How do viruses get around the fact that cellular DNA replication machinery is not available at all times?

Answer 14

1. Make cellular DNA replication machinery available (e.g. PAPOVAVIRUSES stimulate cell growth and DNA synthesis)
2. Encode viral proteins to synthesize genome (e.g. POXVIRUSES encode their own polymerase and enzymes to provide deoxyribonucleotides for DNA synthesis, replication machinery, and transcription machinery in the cytoplasm)

Question 15

(+)ssRNA viruses vs. (-)ssRNA virsues: dealing with the challenge of having no RdRp

Answer 15

(+)ssRNA viruses: encode a RdRp in your geneome

(-)ssRNA viruses: encode a RdRp in your genome AND carry the enzyme in your virion

Question 16

What is the general pathway to viral assembly and egress?

Answer 16

1. Individual viral proteins form into capsid subunits
2. Subunits combine to form complete capsid
3. Viral genome and other essential virion components are selectively packaged into capsids
4. Envelope acquired (only for enveloped viruses)
5. Virus exits cell
6. Virions mature (only for certain viruses)

Question 17

Budding

Answer 17

Allows viruses to assemble and get out of the cell at the same time

Question 18

Egress: Lysis

Answer 18

***KILLS the cells as the virions leave

Lysis often accompanies release of virions with naked capsids

Question 19

How do viruses evolve or change? (3 ways)

Answer 19

1. Recombination
2. Reassortment
3. Point mutations

Question 20

Plaque Assay

Answer 20

• Place virus sample on a monolayer of cells, allowing for infection
• Lets you know infectious virus particle is there and allows you to count the number of viruses (each plaque is caused by one particle)

Question 21

Which Viral Diagnostic test(s) target Antibodies?

Answer 21

ELISA

Western Blot

Question 22

Which Viral Diagnostic test(s) target Genomes?

Answer 22

DNA: PCR
RNA: RT-PCR

Question 23

Which Viral Diagnostic test(s) target Viral Antigens?

Answer 23

ELISA

Others

Question 24

Which Viral Diagnostic test(s) target Infectious Virions?

Answer 24

Plaque Assay

Question 25

Virus Culture/Plaque Assay (Detects, Advantages, Limitations)

Answer 25

D: Infectious Virus
A: Positivity shows viral infection
L: Restricted to viruses that replicate in tissue culture and produce cytopathic effect

Question 26

Electron Microscopy (Detects, Advantages, Limitations)

Answer 26

D: Virion Particles
A: Especially helpful in the identification of emerging viruses
L: Relatively expensive and technically challenging

Question 27

Antigen Detection (e.g.

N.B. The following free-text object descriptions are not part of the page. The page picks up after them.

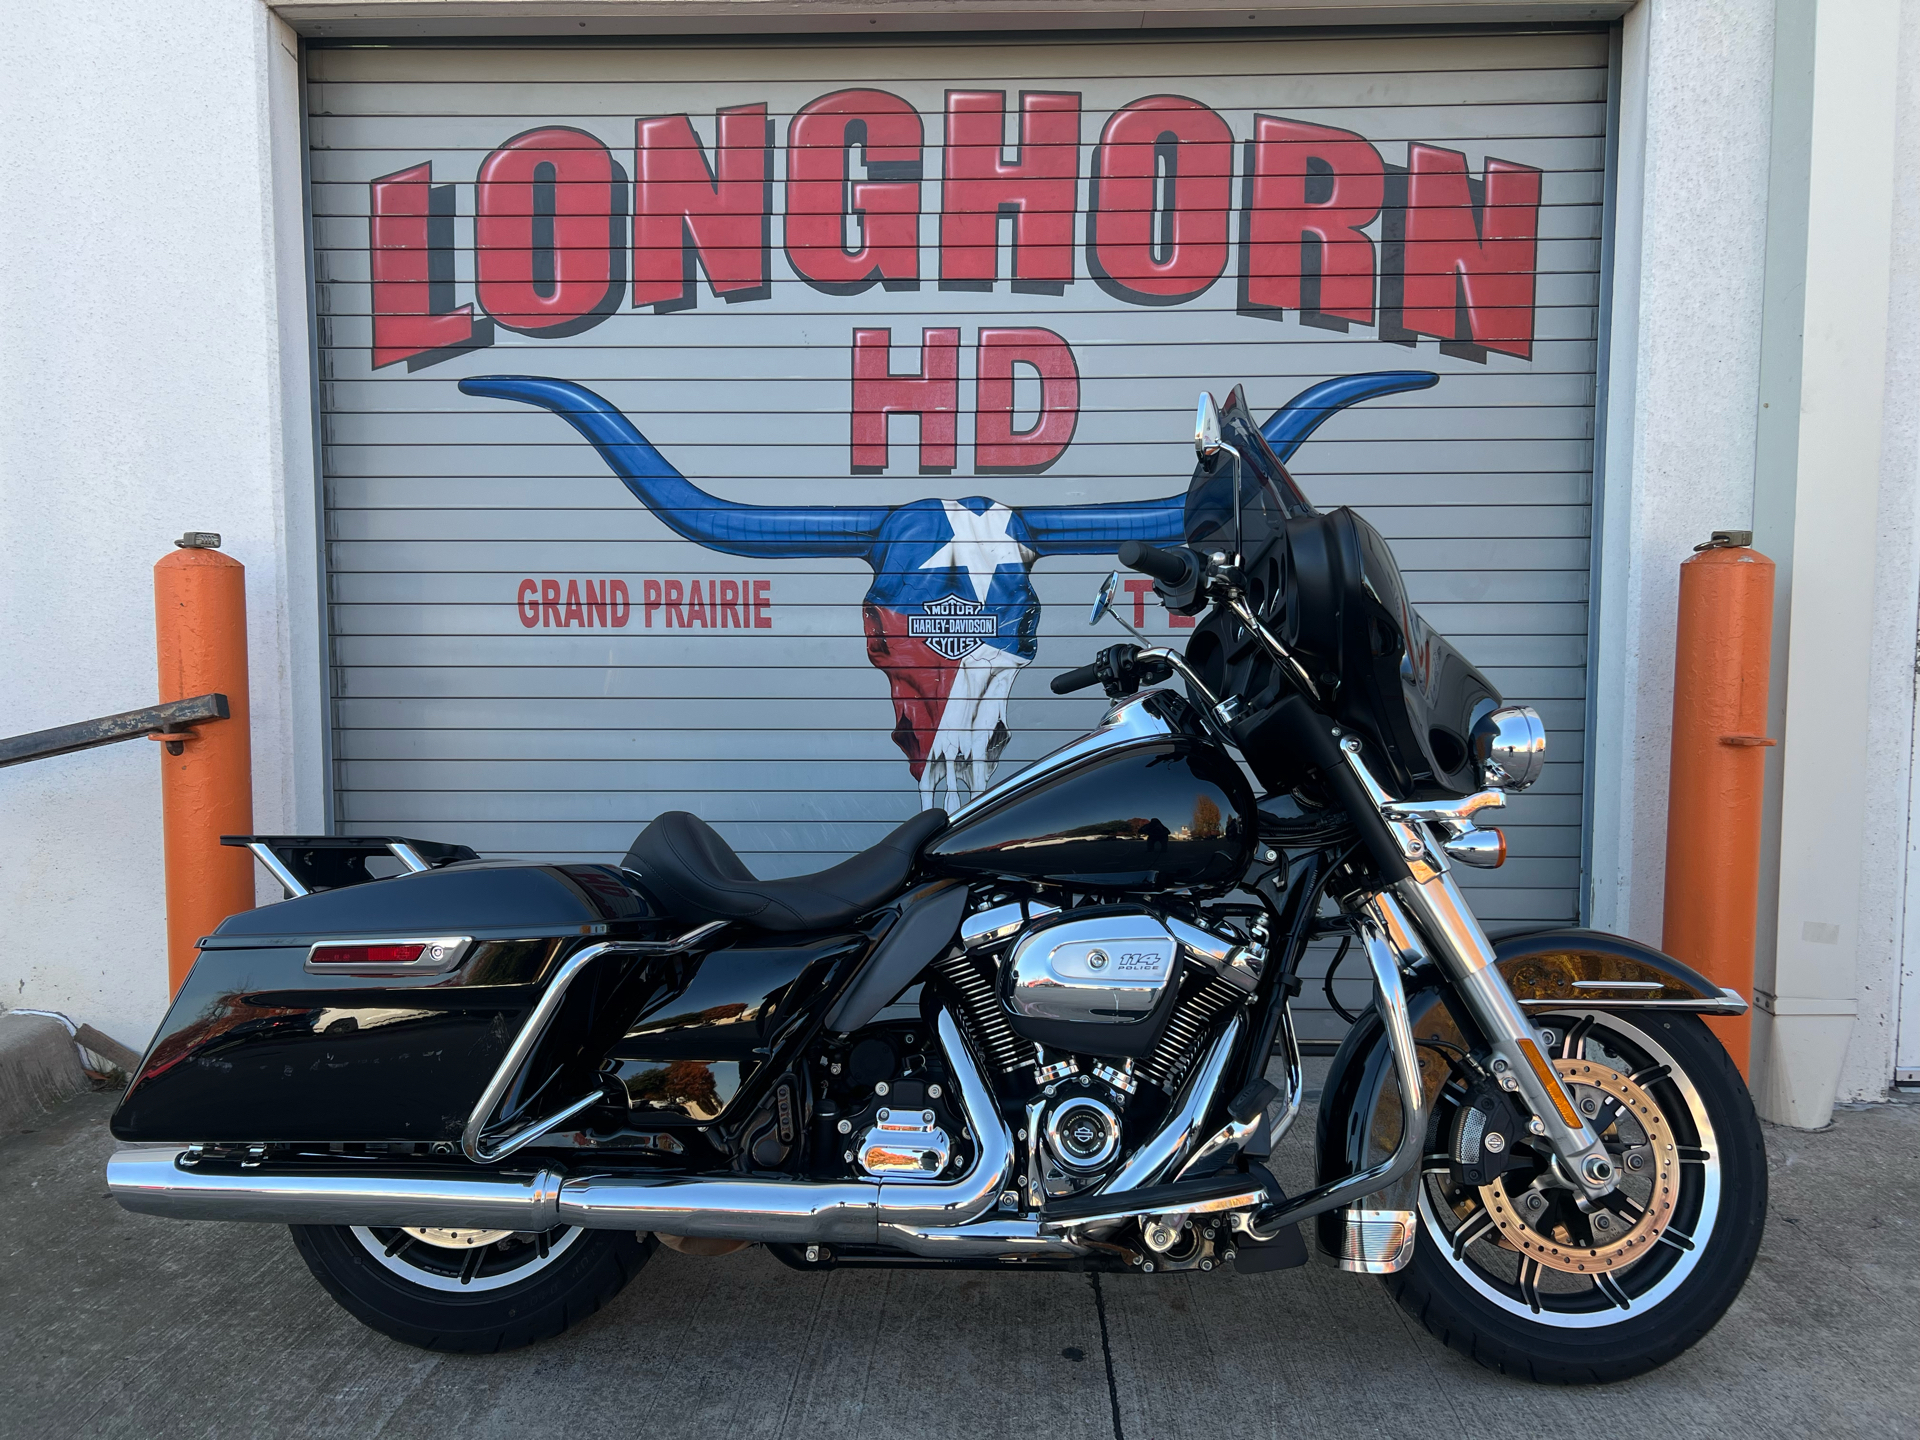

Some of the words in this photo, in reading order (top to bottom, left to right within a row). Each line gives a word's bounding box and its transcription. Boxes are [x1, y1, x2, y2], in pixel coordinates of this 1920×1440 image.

[370, 87, 1543, 373] LONGHORN
[850, 327, 1080, 475] HD
[517, 578, 630, 629] GRAND
[643, 579, 772, 629] PRAIRIE
[931, 600, 974, 615] MOTOR
[912, 618, 993, 634] HARLEY-DAVIDSON
[931, 637, 975, 656] CYCLES
[1119, 952, 1162, 966] 114

ELISA) (Detects, Advantages, Limitations)

Answer 27

D: Viral proteins and glycoproteins
A: Sensitive and quick
L: Requires specific antibody

Question 28

PCR (Detects, Advantages, Limitations)

Answer 28

D: DNA genomes
A: Highly sensitive
L: DNA sequence information must be available

Question 29

RT-PCR (Detects, Advantages, Limitations)

Answer 29

D: RNA genomes
A: Highly sensitive
L: RNA sequence information must be available

Question 30

Serology (e.g. Western Blot) (Detects, Advantages, Limitations)

Answer 30

D: Anti-viral Antibodies
A: Sensitive and quick
L: Time must be allowed for the initiation of the immune response. Care must be taken to differentiate present from past infections.